Des bêtes de toutes sortes grouillaient sur le sol humide de cet in pace.
Comme légende, ces simples mots : Un innocent, à Montpaillard, à la fin du dix-neuvième siècle ...
Un exemplaire de ce journal avait été apporté à Blaireau par son ami Victor, le gardien.
- Tiens, regarde ça, mon vieux. Ils t'en ont fait une tête !
- Je ne suis pas de ton avis, répond Blaireau avec conviction. Moi, je me trouve bien ressemblant.
- Mon pauvre Blaireau !
- Attends un peu, Victor, je vais leur en fiche, moi, du pauvre Blaireau !
- Comment ! tu vas sortir bientôt et tu n'es pas content !
- Ah ! fichtre non, je ne suis pas content ! Et je vais leur montrer de quel bois il se chauffe, le pauvre Blaireau !
- A qui donc en veux-tu si fort ?
- A qui j'en veux ? Mais aux gens du Parquet, à ce vieux serin de Dubenoît, à tous ces mauvais gars de la gendarmerie. Attends un petit peu que je sois sorti !

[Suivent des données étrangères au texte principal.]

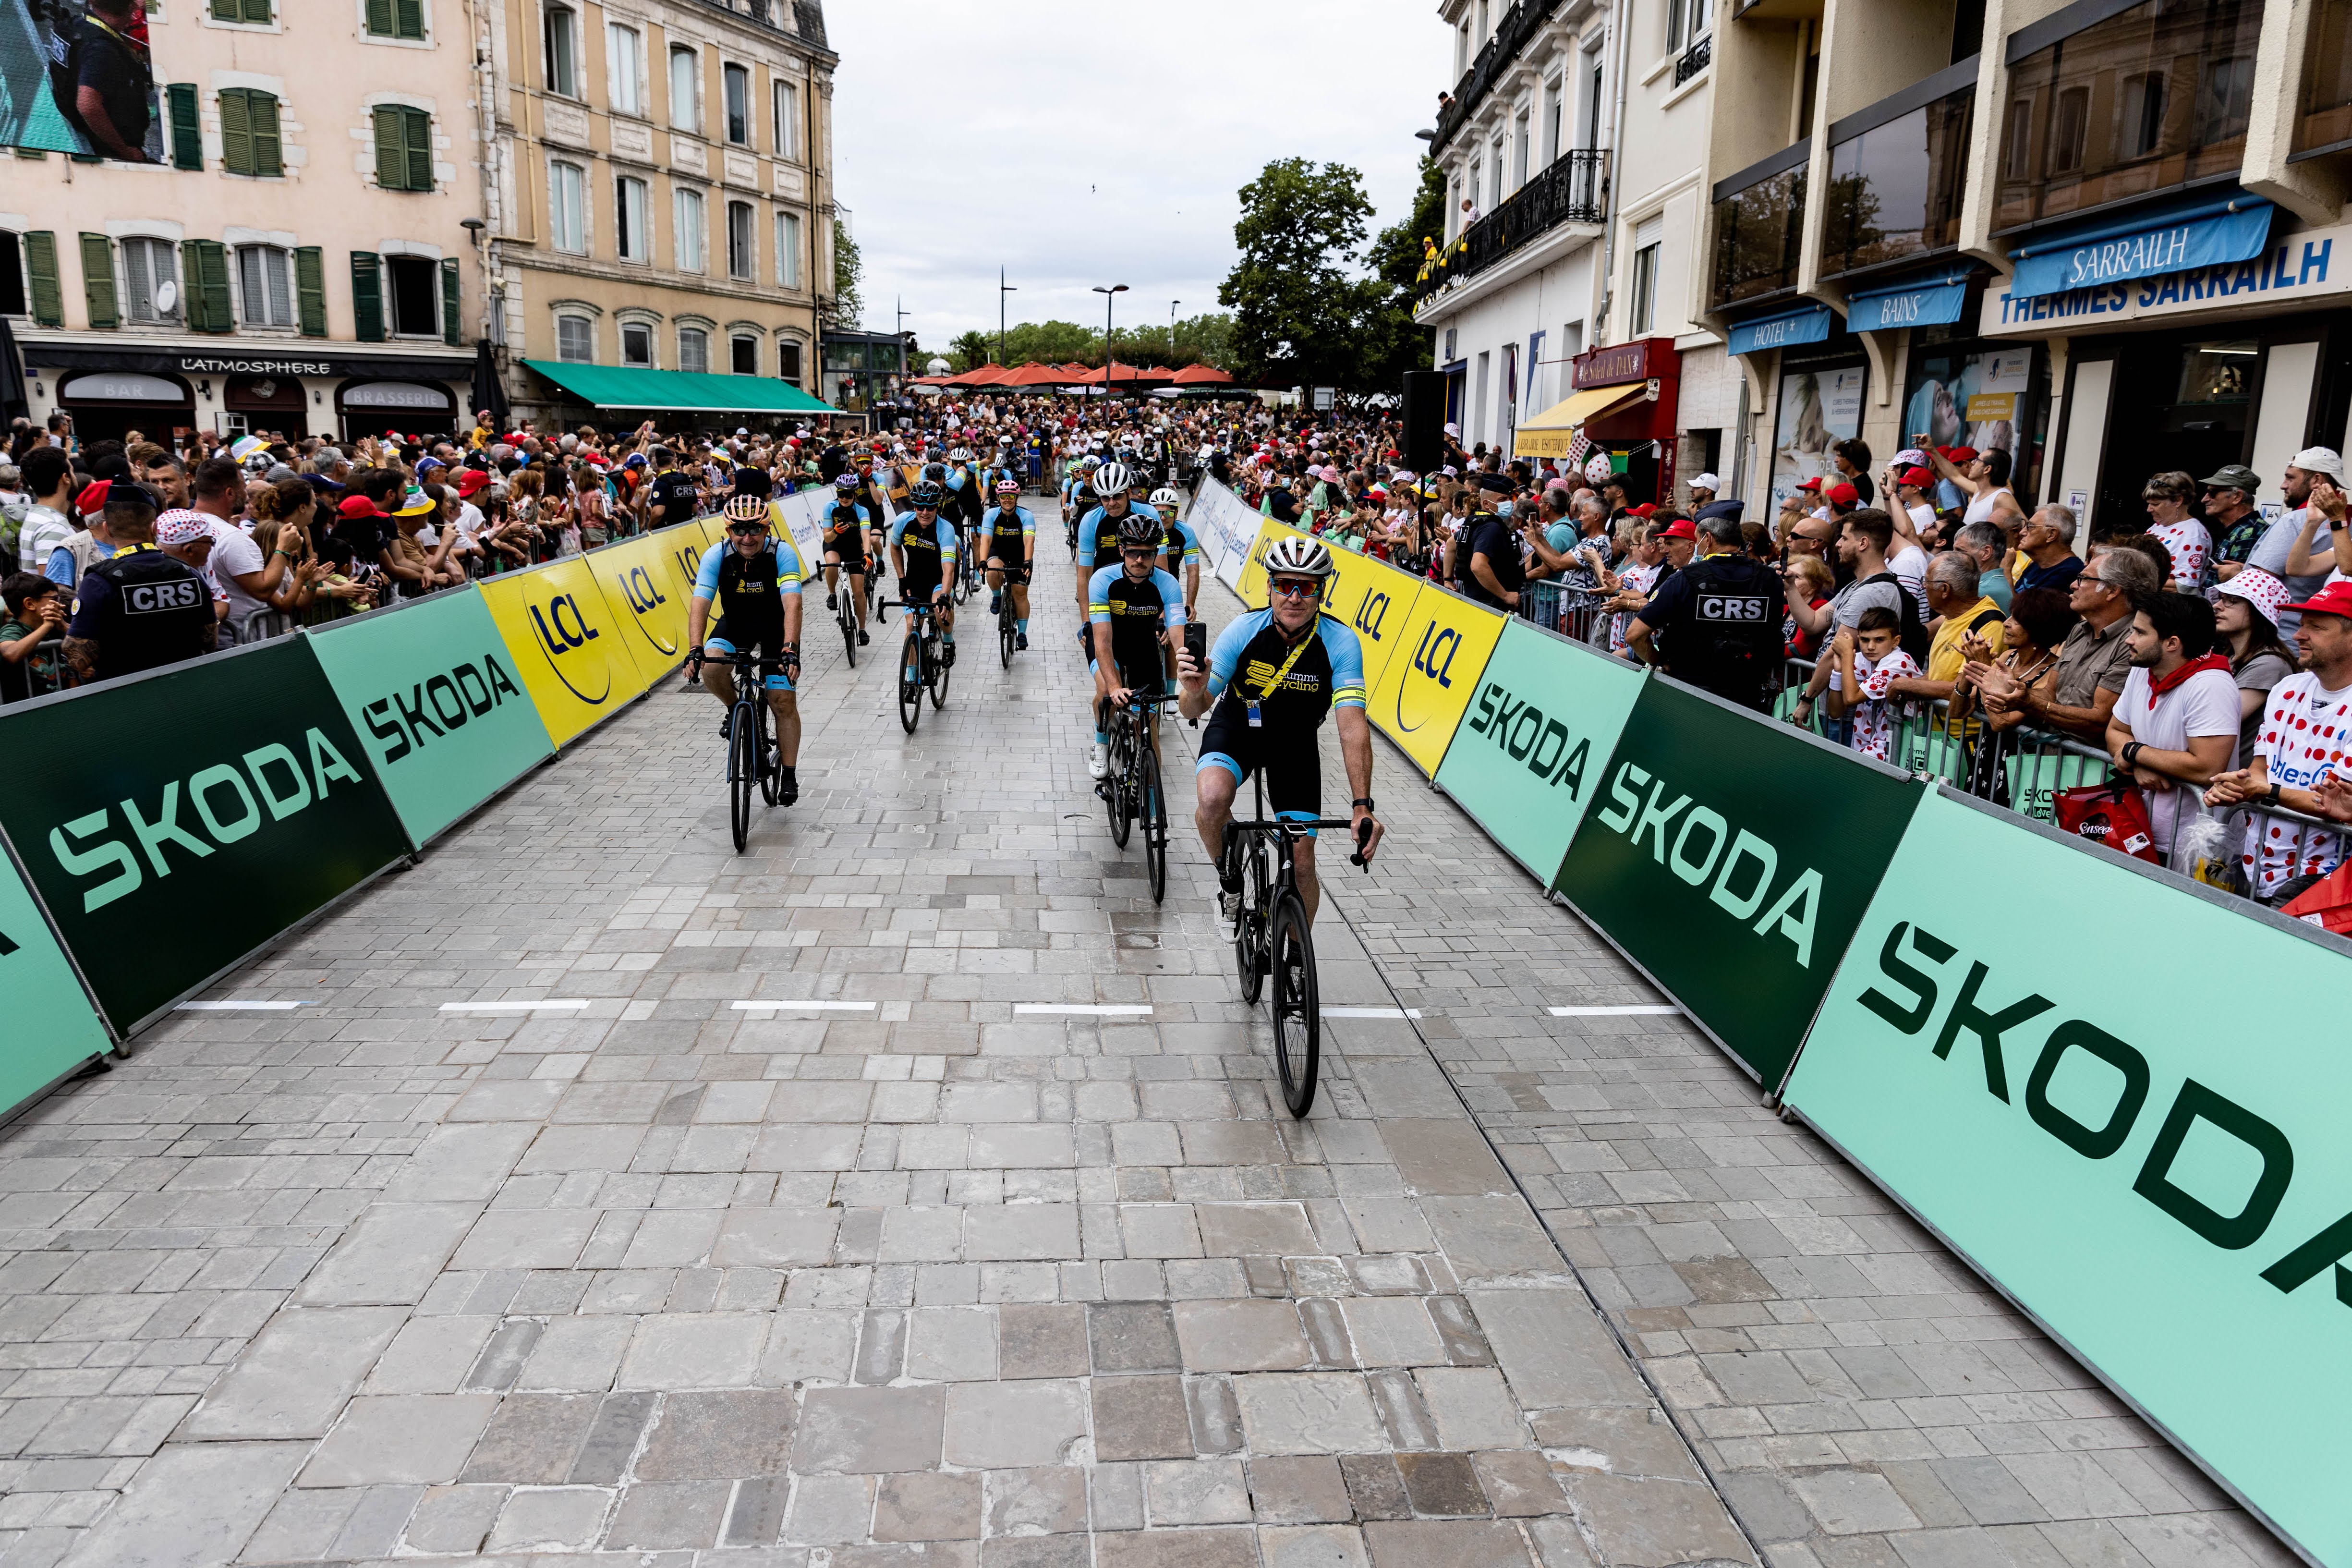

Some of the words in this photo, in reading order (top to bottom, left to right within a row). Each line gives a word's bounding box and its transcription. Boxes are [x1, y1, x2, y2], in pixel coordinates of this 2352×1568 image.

[2070, 228, 2189, 283] SARRAILH
[2000, 284, 2129, 324] THERMES
[2138, 238, 2332, 307] SARRAILH
[1881, 294, 1922, 324] BAINS
[1754, 321, 1785, 346] HOTEL
[181, 358, 331, 375] L'ATMOSPHERE
[1607, 359, 1614, 378] de
[1616, 354, 1634, 376] DAX
[105, 384, 144, 397] BAR
[353, 390, 438, 405] BRASSERIE
[1517, 438, 1539, 451] LIBRAIRIE
[676, 486, 695, 497] CRS
[917, 542, 936, 551] cycling
[132, 582, 196, 611] CRS
[618, 565, 666, 615] LCL
[1355, 587, 1391, 642] LCL
[1702, 598, 1763, 620] CRS
[530, 593, 599, 655] LCL
[1415, 620, 1463, 689] LCL
[2078, 822, 2113, 836] Senseo

- Tu ne les mangeras pas tout crus ?
- Non, je me gênerai ... Tu me prends sans doute pour un autre, mon pauvre Victor. Tu t'imagines probablement que je suis encore le simple et banal Blaireau d'autrefois !
- Quoi ! tu vas monter sur le trône de France, à cette heure ?

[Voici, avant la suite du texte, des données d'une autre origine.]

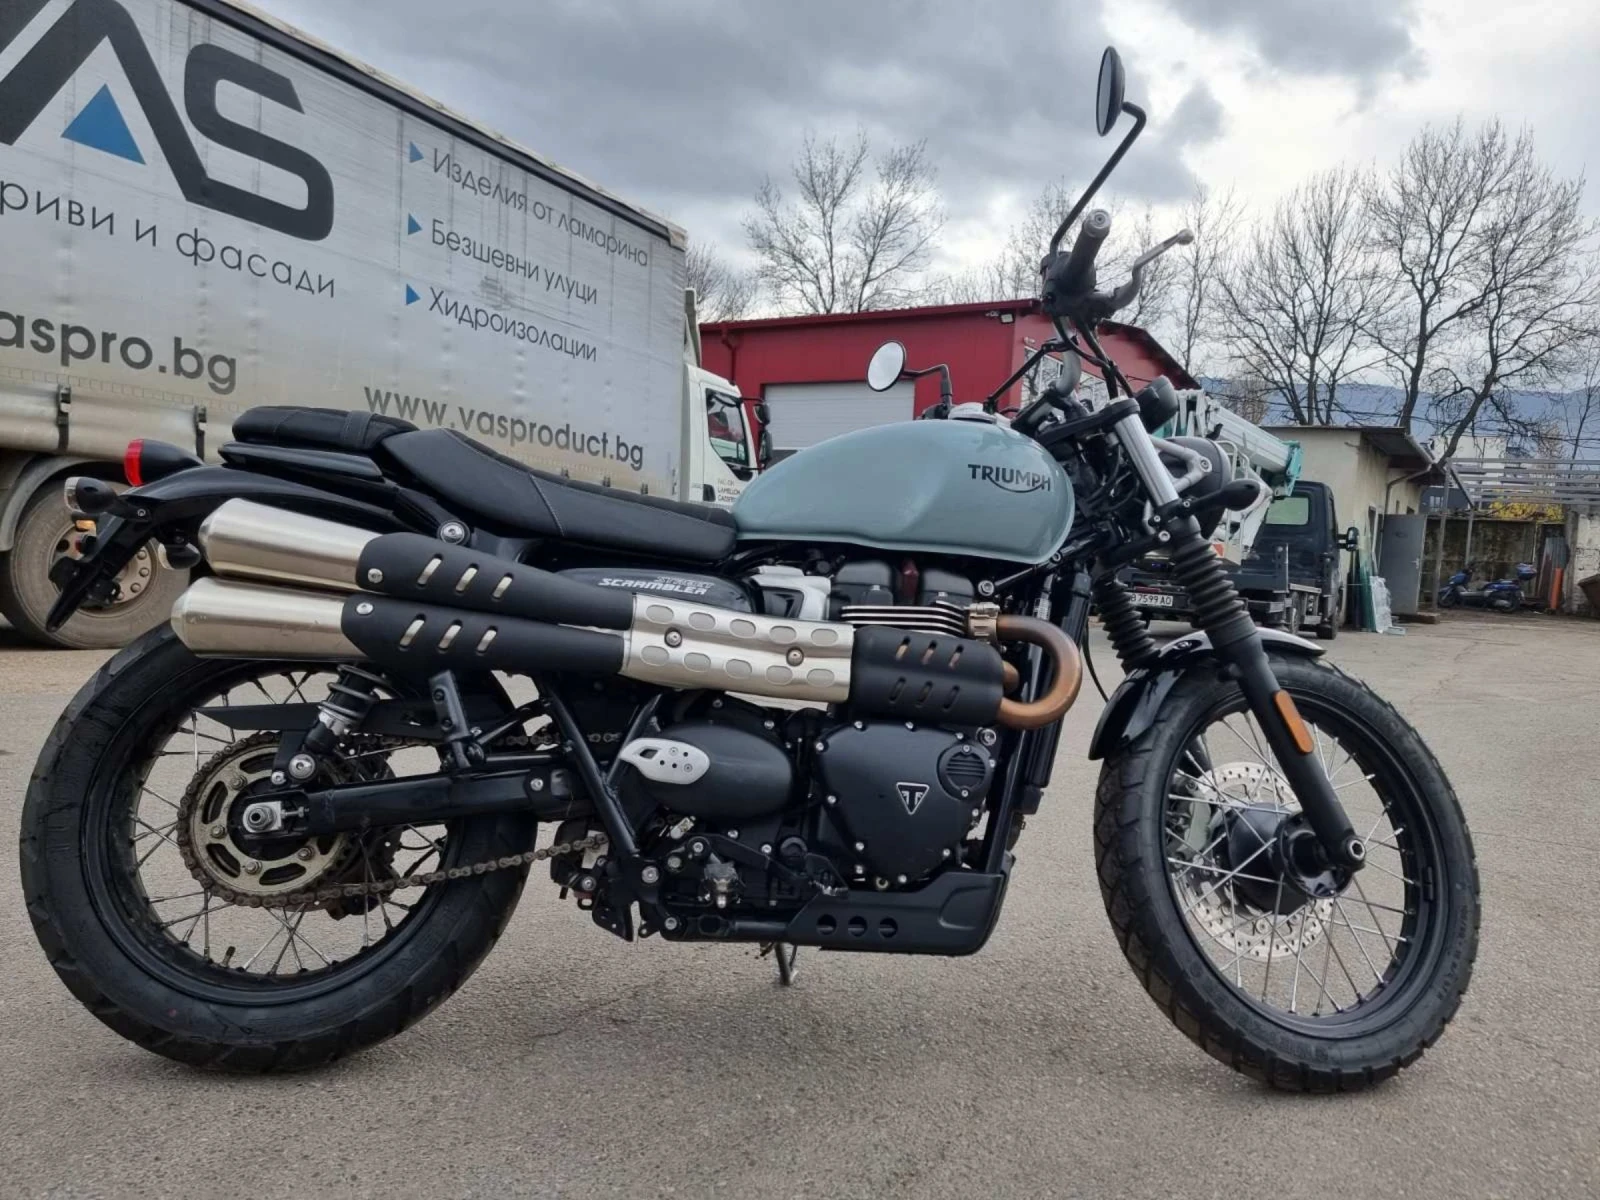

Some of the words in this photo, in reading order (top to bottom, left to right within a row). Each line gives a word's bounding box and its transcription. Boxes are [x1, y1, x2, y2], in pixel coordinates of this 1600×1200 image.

- Non, mais je suis le porte-drapeau des persécutés !
- Bigre !
- Je suis président d'honneur !
- Fichtre !
- Je suis le héros, tu entends bien, le hé-ros d'une fête organisée par un baron !
- Mazette ! 
- Et c'est ce Blaireau-là qu'on a le toupet de ne pas remettre en liberté ! Ah ! ils entendront parler de moi ! 
Blaireau, grisé de ces propres paroles, était arrivé au dernier degré de l'exaspération, et ses clameurs protestatives faisaient trembler les murs de la prison. 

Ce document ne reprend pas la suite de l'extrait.